◆ **TASK DESCRIPTION**
Copy the records below exactly as they appear.

[Dataset records]
******

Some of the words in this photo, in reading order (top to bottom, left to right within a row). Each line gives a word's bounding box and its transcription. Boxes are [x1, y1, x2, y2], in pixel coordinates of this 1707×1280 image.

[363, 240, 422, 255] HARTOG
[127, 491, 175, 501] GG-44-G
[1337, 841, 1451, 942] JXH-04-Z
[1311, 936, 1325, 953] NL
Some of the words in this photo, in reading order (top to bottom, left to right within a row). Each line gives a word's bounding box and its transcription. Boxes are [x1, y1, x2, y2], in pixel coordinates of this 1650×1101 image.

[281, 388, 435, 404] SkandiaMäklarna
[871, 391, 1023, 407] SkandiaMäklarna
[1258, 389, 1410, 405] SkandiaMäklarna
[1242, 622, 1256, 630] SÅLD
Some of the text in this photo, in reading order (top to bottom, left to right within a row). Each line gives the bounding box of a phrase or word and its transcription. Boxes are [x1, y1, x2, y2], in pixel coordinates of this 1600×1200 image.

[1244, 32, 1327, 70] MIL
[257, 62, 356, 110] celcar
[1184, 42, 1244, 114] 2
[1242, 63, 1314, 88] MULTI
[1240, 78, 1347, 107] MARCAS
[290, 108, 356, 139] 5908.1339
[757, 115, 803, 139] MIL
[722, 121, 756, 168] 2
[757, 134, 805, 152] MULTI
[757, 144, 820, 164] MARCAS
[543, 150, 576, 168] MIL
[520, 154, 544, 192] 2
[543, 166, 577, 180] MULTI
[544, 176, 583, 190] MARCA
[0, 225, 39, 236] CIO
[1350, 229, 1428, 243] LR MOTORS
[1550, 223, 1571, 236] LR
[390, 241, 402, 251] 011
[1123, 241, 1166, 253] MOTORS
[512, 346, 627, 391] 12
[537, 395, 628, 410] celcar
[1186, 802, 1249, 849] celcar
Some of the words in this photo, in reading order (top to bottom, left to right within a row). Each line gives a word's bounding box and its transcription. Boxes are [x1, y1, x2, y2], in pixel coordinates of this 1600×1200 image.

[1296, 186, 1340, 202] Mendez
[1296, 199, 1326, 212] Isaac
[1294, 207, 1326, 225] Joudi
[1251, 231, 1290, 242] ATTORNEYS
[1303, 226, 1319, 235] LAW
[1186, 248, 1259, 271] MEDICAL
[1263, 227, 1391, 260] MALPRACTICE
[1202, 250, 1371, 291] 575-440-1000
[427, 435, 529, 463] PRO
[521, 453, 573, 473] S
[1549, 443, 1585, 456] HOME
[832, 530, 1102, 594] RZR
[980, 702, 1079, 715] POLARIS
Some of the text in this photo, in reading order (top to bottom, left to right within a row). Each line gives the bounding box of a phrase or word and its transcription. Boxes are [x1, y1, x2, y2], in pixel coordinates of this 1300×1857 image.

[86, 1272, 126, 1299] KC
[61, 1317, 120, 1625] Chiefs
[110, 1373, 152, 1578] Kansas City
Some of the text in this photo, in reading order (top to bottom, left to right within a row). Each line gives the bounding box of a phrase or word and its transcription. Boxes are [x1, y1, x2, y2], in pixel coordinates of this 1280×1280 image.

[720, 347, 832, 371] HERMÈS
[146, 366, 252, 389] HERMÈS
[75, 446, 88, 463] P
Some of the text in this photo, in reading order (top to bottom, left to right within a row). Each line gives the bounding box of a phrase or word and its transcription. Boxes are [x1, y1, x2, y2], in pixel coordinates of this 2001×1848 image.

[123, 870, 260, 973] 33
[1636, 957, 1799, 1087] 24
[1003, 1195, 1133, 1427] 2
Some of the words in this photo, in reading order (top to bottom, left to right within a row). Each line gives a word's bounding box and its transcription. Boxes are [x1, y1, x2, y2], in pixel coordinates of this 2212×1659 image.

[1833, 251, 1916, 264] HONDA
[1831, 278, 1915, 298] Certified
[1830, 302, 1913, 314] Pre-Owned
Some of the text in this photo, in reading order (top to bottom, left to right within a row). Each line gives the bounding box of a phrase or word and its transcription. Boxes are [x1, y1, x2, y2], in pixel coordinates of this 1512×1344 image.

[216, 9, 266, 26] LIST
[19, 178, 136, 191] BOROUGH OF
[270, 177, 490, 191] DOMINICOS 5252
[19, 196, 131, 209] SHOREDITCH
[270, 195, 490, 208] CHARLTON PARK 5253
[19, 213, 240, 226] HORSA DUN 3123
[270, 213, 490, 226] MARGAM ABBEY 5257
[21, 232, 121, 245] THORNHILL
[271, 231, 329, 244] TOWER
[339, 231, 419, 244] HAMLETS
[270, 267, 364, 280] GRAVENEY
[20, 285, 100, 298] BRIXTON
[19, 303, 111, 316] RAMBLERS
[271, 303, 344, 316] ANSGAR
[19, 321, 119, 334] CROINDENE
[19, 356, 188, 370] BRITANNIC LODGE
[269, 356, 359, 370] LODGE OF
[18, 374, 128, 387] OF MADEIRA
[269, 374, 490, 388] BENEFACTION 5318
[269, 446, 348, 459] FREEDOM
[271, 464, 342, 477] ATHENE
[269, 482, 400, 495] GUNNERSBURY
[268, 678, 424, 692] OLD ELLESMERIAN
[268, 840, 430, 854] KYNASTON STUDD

******

◆ **WRITTEN RESPONSE**
Some of the words in this photo, in reading order (top to bottom, left to right within a row). Each line gives a word's bounding box and its transcription. Boxes are [x1, y1, x2, y2], in pixel coordinates of this 1707×1280 image.

[363, 240, 422, 255] HARTOG
[127, 491, 175, 501] GG-44-G
[1337, 841, 1451, 942] JXH-04-Z
[1311, 936, 1325, 953] NL
Some of the words in this photo, in reading order (top to bottom, left to right within a row). Each line gives a word's bounding box and its transcription. Boxes are [x1, y1, x2, y2], in pixel coordinates of this 1650×1101 image.

[281, 388, 435, 404] SkandiaMäklarna
[871, 391, 1023, 407] SkandiaMäklarna
[1258, 389, 1410, 405] SkandiaMäklarna
[1242, 622, 1256, 630] SÅLD
Some of the text in this photo, in reading order (top to bottom, left to right within a row). Each line gives the bounding box of a phrase or word and its transcription. Boxes are [x1, y1, x2, y2], in pixel coordinates of this 1600×1200 image.

[1244, 32, 1327, 70] MIL
[257, 62, 356, 110] celcar
[1184, 42, 1244, 114] 2
[1242, 63, 1314, 88] MULTI
[1240, 78, 1347, 107] MARCAS
[290, 108, 356, 139] 5908.1339
[757, 115, 803, 139] MIL
[722, 121, 756, 168] 2
[757, 134, 805, 152] MULTI
[757, 144, 820, 164] MARCAS
[543, 150, 576, 168] MIL
[520, 154, 544, 192] 2
[543, 166, 577, 180] MULTI
[544, 176, 583, 190] MARCA
[0, 225, 39, 236] CIO
[1350, 229, 1428, 243] LR MOTORS
[1550, 223, 1571, 236] LR
[390, 241, 402, 251] 011
[1123, 241, 1166, 253] MOTORS
[512, 346, 627, 391] 12
[537, 395, 628, 410] celcar
[1186, 802, 1249, 849] celcar
Some of the words in this photo, in reading order (top to bottom, left to right within a row). Each line gives a word's bounding box and its transcription. Boxes are [x1, y1, x2, y2], in pixel coordinates of this 1600×1200 image.

[1296, 186, 1340, 202] Mendez
[1296, 199, 1326, 212] Isaac
[1294, 207, 1326, 225] Joudi
[1251, 231, 1290, 242] ATTORNEYS
[1303, 226, 1319, 235] LAW
[1186, 248, 1259, 271] MEDICAL
[1263, 227, 1391, 260] MALPRACTICE
[1202, 250, 1371, 291] 575-440-1000
[427, 435, 529, 463] PRO
[521, 453, 573, 473] S
[1549, 443, 1585, 456] HOME
[832, 530, 1102, 594] RZR
[980, 702, 1079, 715] POLARIS
Some of the text in this photo, in reading order (top to bottom, left to right within a row). Each line gives the bounding box of a phrase or word and its transcription. Boxes are [x1, y1, x2, y2], in pixel coordinates of this 1300×1857 image.

[86, 1272, 126, 1299] KC
[61, 1317, 120, 1625] Chiefs
[110, 1373, 152, 1578] Kansas City
Some of the text in this photo, in reading order (top to bottom, left to right within a row). Each line gives the bounding box of a phrase or word and its transcription. Boxes are [x1, y1, x2, y2], in pixel coordinates of this 1280×1280 image.

[720, 347, 832, 371] HERMÈS
[146, 366, 252, 389] HERMÈS
[75, 446, 88, 463] P
Some of the text in this photo, in reading order (top to bottom, left to right within a row). Each line gives the bounding box of a phrase or word and its transcription. Boxes are [x1, y1, x2, y2], in pixel coordinates of this 2001×1848 image.

[123, 870, 260, 973] 33
[1636, 957, 1799, 1087] 24
[1003, 1195, 1133, 1427] 2
Some of the words in this photo, in reading order (top to bottom, left to right within a row). Each line gives a word's bounding box and its transcription. Boxes are [x1, y1, x2, y2], in pixel coordinates of this 2212×1659 image.

[1833, 251, 1916, 264] HONDA
[1831, 278, 1915, 298] Certified
[1830, 302, 1913, 314] Pre-Owned
Some of the text in this photo, in reading order (top to bottom, left to right within a row). Each line gives the bounding box of a phrase or word and its transcription. Boxes are [x1, y1, x2, y2], in pixel coordinates of this 1512×1344 image.

[216, 9, 266, 26] LIST
[19, 178, 136, 191] BOROUGH OF
[270, 177, 490, 191] DOMINICOS 5252
[19, 196, 131, 209] SHOREDITCH
[270, 195, 490, 208] CHARLTON PARK 5253
[19, 213, 240, 226] HORSA DUN 3123
[270, 213, 490, 226] MARGAM ABBEY 5257
[21, 232, 121, 245] THORNHILL
[271, 231, 329, 244] TOWER
[339, 231, 419, 244] HAMLETS
[270, 267, 364, 280] GRAVENEY
[20, 285, 100, 298] BRIXTON
[19, 303, 111, 316] RAMBLERS
[271, 303, 344, 316] ANSGAR
[19, 321, 119, 334] CROINDENE
[19, 356, 188, 370] BRITANNIC LODGE
[269, 356, 359, 370] LODGE OF
[18, 374, 128, 387] OF MADEIRA
[269, 374, 490, 388] BENEFACTION 5318
[269, 446, 348, 459] FREEDOM
[271, 464, 342, 477] ATHENE
[269, 482, 400, 495] GUNNERSBURY
[268, 678, 424, 692] OLD ELLESMERIAN
[268, 840, 430, 854] KYNASTON STUDD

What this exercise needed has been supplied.